The HYBE INDIA Audition will run across online submissions and in-person auditions in key Indian cities, with selected applicants offered entry into HYBE's training and production infrastructure. Details on specific cities, dates, and eligibility criteria are yet to be confirmed, with further information expected via HYBE INDIA's official website and social channels.
The programme sits within HYBE's 'multi-home, multi-genre' strategy – a framework the Seoul-headquartered company formalised under its HYBE 2.0 restructuring in 2024, designed to extend its artist development model beyond South Korea rather than simply export K-pop. The logic is adaptation, not replication: build creative hubs in new markets that share HYBE's production and monetisation infrastructure but generate content rooted in local culture.
It is a model the company has been road-testing for several years. In Japan, boy band &TEAM debuted in 2022 after being developed entirely through HYBE's local subsidiary, building a regional fanbase from small-town shows before moving to arenas. In the US, KATSEYE – a six-member multilingual group formed through a joint project with Geffen Records – debuted in 2024 and has since surpassed 36 million monthly listeners on Spotify, demonstrating that the K-pop training system can generate traction well outside Korea. HYBE Latin America, launched in 2023, is building production studios in Mexico City and signing artists locally. Each territory gets the infrastructure, not just the finished product.

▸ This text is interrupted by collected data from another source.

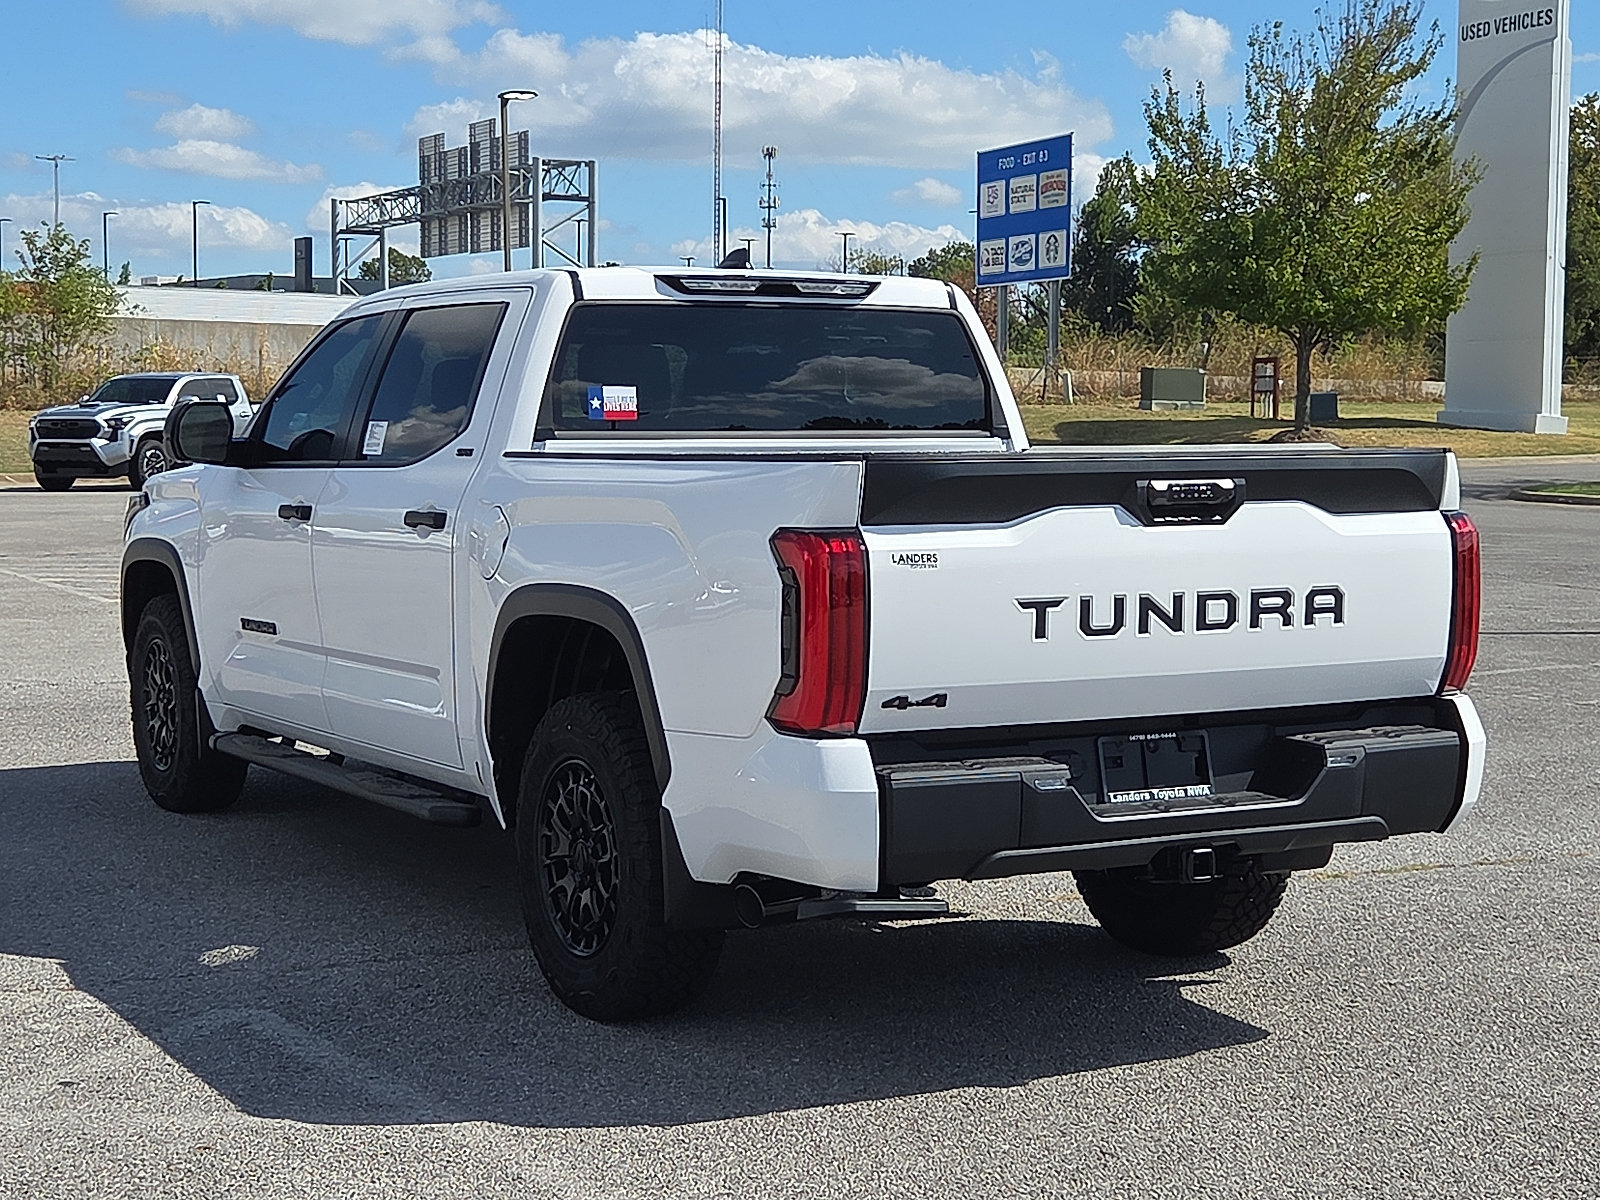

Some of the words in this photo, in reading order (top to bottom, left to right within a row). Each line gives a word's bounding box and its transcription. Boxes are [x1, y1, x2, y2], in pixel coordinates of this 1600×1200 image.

[1461, 21, 1490, 41] USED
[1494, 9, 1553, 34] VEHICLES
[998, 157, 1014, 169] FOOD
[1011, 184, 1035, 195] NATURAL
[1011, 194, 1025, 204] STATE
[991, 247, 1004, 256] TACO
[991, 257, 1004, 266] BELL
[891, 553, 938, 565] LANDERS
[1014, 584, 1346, 642] TUNDRA
[242, 618, 274, 635] TUNDRA
[1108, 793, 1150, 803] Landers
[1152, 788, 1185, 800] Toyota
[1187, 786, 1211, 797] NWA

India is the next and arguably most significant bet. HYBE INDIA, based in Mumbai, was established as the company's operational hub for South Asia, and the audition launch is the first major talent-facing initiative to come out of it. The country's appeal is not hard to understand: a population of 1.4 billion, a domestic music industry with deep regional diversity, a globally dispersed diaspora with strong cultural attachment to Indian pop and film music, and an audience that moved directly from physical formats to streaming. Structured, globally scalable artist development – the kind HYBE specialises in – is still relatively uncommon in the Indian market at that level.

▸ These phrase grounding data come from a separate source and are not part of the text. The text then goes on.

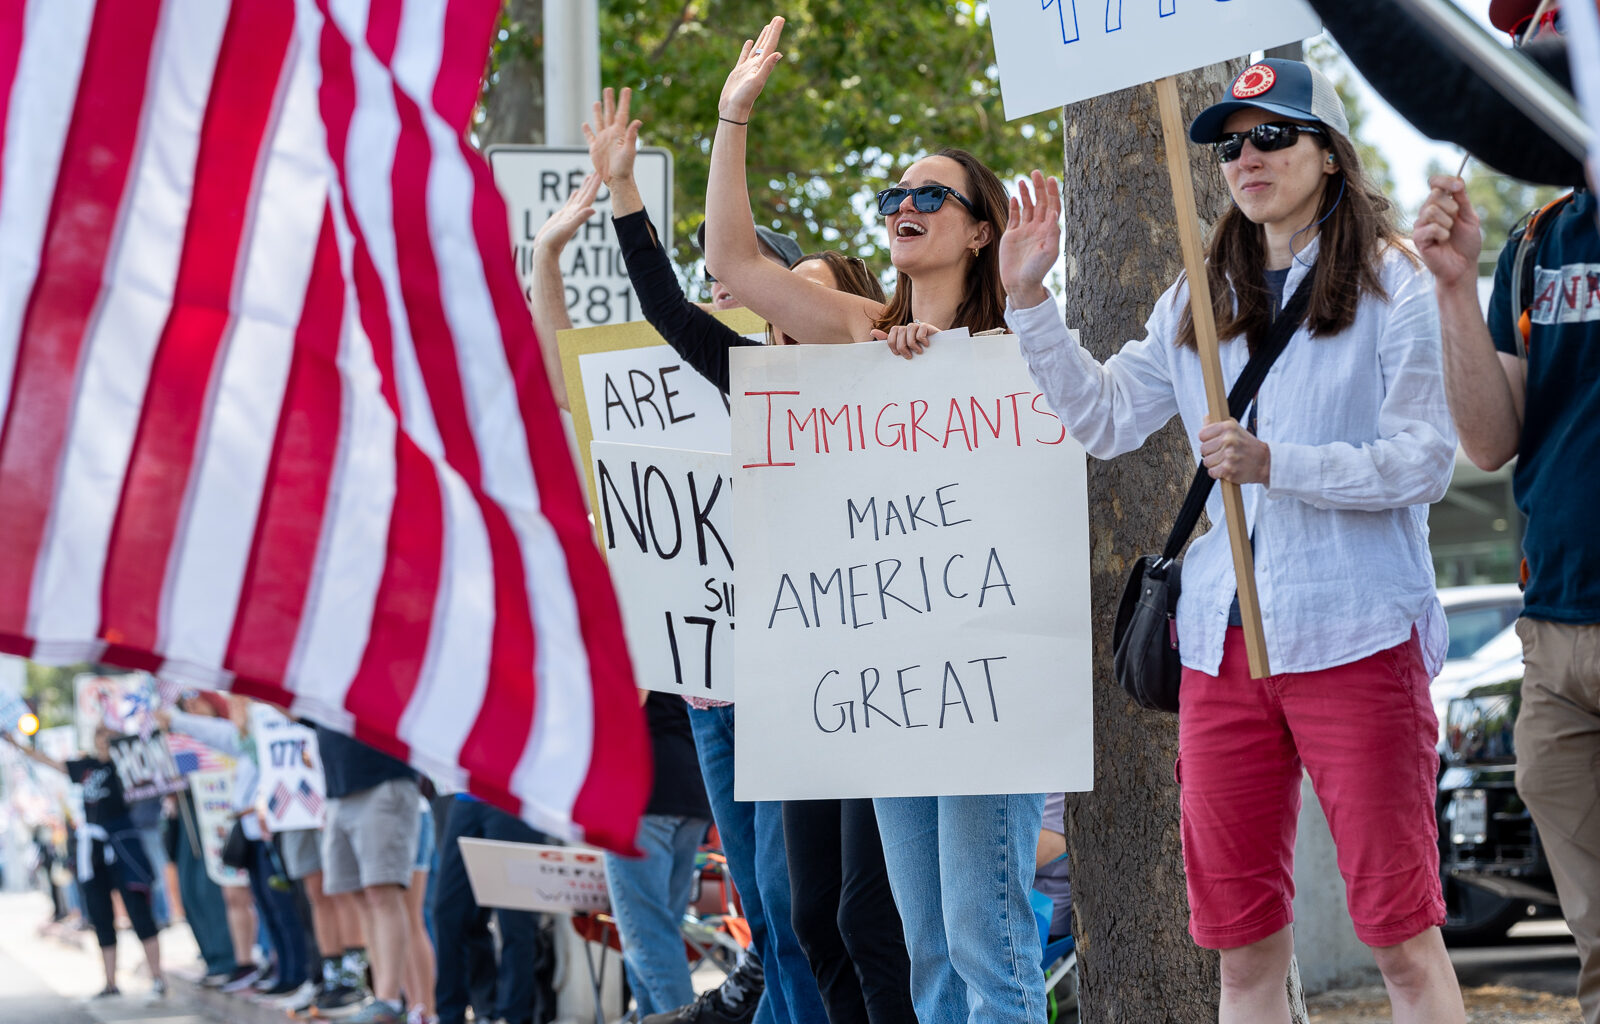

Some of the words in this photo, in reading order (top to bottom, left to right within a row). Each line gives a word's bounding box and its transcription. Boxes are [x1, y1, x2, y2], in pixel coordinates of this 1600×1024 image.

[527, 285, 632, 324] 281
[605, 365, 695, 431] ARE
[743, 391, 1066, 468] IMMIGRANTS
[687, 471, 733, 571] K
[848, 483, 971, 541] MAKE
[704, 577, 735, 617] SI
[768, 547, 1016, 629] AMERICA
[665, 611, 735, 689] 17
[814, 656, 1007, 733] GREAT

What the company is promising goes beyond a talent search. The stated ambition is a full pipeline: creative development, performance training, and what HYBE describes as "global storytelling," building artists capable of crossing markets. That framing positions HYBE INDIA not as a competitor to dominant Indian labels like T-Series, whose strength lies in catalogue and Bollywood integration, but as something structurally different – importing a system that treats artists as long-term intellectual property across music, live events, merchandise, and digital platforms.
Whether HYBE can execute that in a market as complex and linguistically fragmented as India is the real question. The 'multi-home, multi-genre' strategy has produced results in markets with more homogeneous pop landscapes. India is a harder market to crack. But the audition is how the answer starts to form – and the window is now open.